= Project Sidekick =

Augmented reality project for astronauts

Sidekick is a project developed by NASA and Microsoft, started in December 2015 on the International Space Station, which provides virtual assistance to astronauts using Microsoft HoloLens augmented reality headsets.

==Functionality==
Sidekick has two modes of operation. Remote Expert Mode uses the functionality of the Holographic Skype application—voice and video chat, real-time virtual annotation—to allow a ground operator and space crew member to collaborate directly over what the astronaut sees, with the ground operator able to see the crew member's view in 3D, provide interactive guidance, and draw annotations into the crew member's environment. In Procedure Mode, animated virtual illustrations display on top of objects as a crew member interacts with them. This mode can be used for guidance and instructional purposes in standalone scenarios. Applications include inventory management, in which the system recognizes an inventory item, and can display a path to where the item should be stored. Previously, crew members would rely primarily on printed instructions and voice-based communication when performing complex tasks. The capabilities provided by Sidekick have been promoted as potential enabling features allowing for reduced crew training requirements and increased efficiency in deep space missions in which communication delays can complicate difficult operations.

==History==
After having performed simulated reduced-gravity testing in its Weightless Wonder C9 aircraft, NASA attempted to launch a pair of HoloLens units aboard the SpaceX CRS-7 launch to the International Space Station on June 28, 2015, but the Falcon 9 rocket carrying the payload exploded at 2 minutes and 19 seconds into the flight. Sidekick was tested at the Aquarius laboratory from late July to early August 2015 as part of the two-week long NASA Extreme Environment Missions Operations 20 expedition, demonstrating its operation in tasks such as equipment checks and setup. HoloLens' hardware was successfully delivered to the ISS in the Cygnus CRS OA-4 commercial resupply mission on December 9, 2015.

== Critics ==
Despite Sidekick's clear advantages, there are potential drawbacks described in the B. Nuernberger research.

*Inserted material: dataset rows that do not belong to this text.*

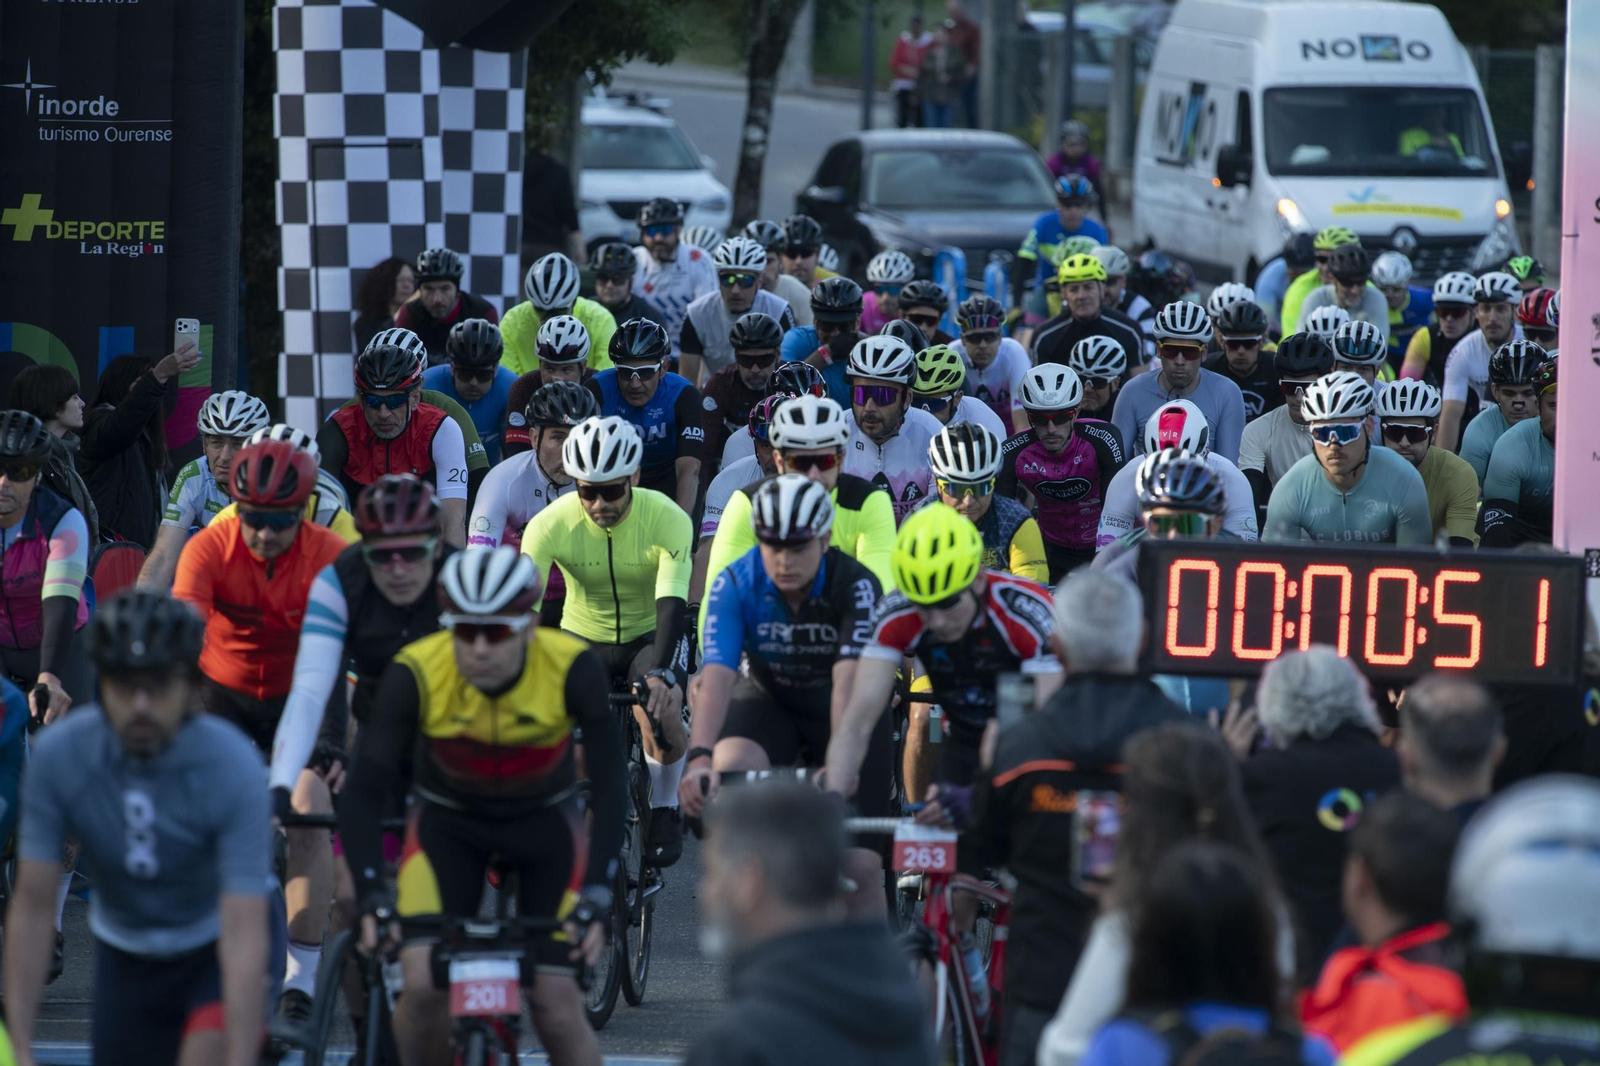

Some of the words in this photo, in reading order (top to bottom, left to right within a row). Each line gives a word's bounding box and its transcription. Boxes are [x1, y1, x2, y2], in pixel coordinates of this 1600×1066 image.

[38, 94, 119, 116] inorde
[38, 126, 99, 141] turismo
[104, 126, 173, 142] Ourense
[46, 221, 165, 240] DEPORTE
[80, 242, 103, 254] La
[903, 846, 946, 867] 263
[463, 986, 506, 1010] 201

Some concerns are centered around technical issues, like latency, the device's field of view, and the robustness of the HoloLens in the challenging environment of the ISS. The project also relied on the continuous evolution and development of the HoloLens, which, like any piece of technology, has its limitations and occasional bugs.

Another concern was about astronaut autonomy. There's a fine line between assisting astronauts and over-reliance on ground support, which could potentially undermine the development of problem-solving skills needed for long-duration missions, like those planned for Mars where communication delays with Earth are significant.